I also found out this week that I did not make the travel B team. It didn’t surprise me but I was hoping for that extra bit of validation. The upside is that I don’t have to adjust my practice schedule and I get to stay with all my friends.
My Spanish teacher Oliva and I discussed learning versus acquiring a language, inspired by this video in which the author spends a year learning Arabic. Linguists differentiate between acquiring a language (learning like a baby would, by interacting with people who speak the language) versus learning it (like you would do in school, memorizing grammar and vocabulary). In the video, the author sets out to acquire Arabic by having language exchanges and lessons with native speakers. I will say it made me nostalgic for learning Arabic, although I suppose the matter of that language is a discussion for another day. I like some of the strategies he used, but I found it presumptuous that he suggested you could just approach people you know and ask them to help you learn a language, as if that’s not a big investment of time and labor. In any case, I am going to try to incorporate some of the spirit of this into my own learning. I tend to focus on my flashcards and drills because it has a certain predictability that I enjoy, but I know I need to spend more time reading and listening and getting that comprehensible input. I’m hoping this will especially help my Icelandic, since that is a tricky language and I’m super bad at understanding the spoken language.
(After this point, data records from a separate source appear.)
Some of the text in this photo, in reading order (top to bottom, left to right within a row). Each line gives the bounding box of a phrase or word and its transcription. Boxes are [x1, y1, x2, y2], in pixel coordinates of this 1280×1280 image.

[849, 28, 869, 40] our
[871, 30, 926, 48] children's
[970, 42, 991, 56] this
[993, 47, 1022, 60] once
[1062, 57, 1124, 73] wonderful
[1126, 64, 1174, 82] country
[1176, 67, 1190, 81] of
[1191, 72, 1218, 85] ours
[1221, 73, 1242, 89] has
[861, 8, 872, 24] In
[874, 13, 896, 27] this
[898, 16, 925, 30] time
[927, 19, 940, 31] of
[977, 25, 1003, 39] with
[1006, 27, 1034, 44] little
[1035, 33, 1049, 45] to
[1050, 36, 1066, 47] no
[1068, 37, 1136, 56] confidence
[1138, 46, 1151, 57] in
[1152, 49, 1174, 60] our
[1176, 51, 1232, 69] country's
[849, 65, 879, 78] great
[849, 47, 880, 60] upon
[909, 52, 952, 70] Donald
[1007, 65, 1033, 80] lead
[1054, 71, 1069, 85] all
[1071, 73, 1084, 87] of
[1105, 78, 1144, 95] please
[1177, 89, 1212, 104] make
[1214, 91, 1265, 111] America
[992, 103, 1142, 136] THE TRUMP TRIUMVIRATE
If you follow me on instagram, you’ve seen this already, but I am proud of my handiwork, so I’m sharing it again. I finished a baby quilt for my friend Mandy and her forthcoming baby. I choose fabrics to celebrate her heritage and I think the end result turned out great, especially considering my limited quilting experience.
We went to the farmers market last Sunday so of course I spent this week making lots of good food based on what I found there. For the most part, I didn’t cook anything too elaborate, but I enjoy the task of making simple food extra tasty.
- Chicken caesar salad with carrots and lettuce from the farmers market. I grill up a bit of chicken and the result is a very simple meal.
- Macaroni and cheese plus some broccoli. This colby jack cheese from the farmers market is basically the perfect cheese for macaroni.
- Pesto. I bought a huge bunch of basil from the farmers market with the intention of making pesto, but without a clear idea of what to do with it. Luckily I discovered some inspiration.
- Walnut pesto, and cheese rolls. The recipe is from “The Harvest Baker,” and these are basically all I want to eat now.
- I grilled a pork tenderloin and glazed (in a manner of speaking) it with pesto. Served with grilled zucchini and mashed potatoes, and of course, more pesto.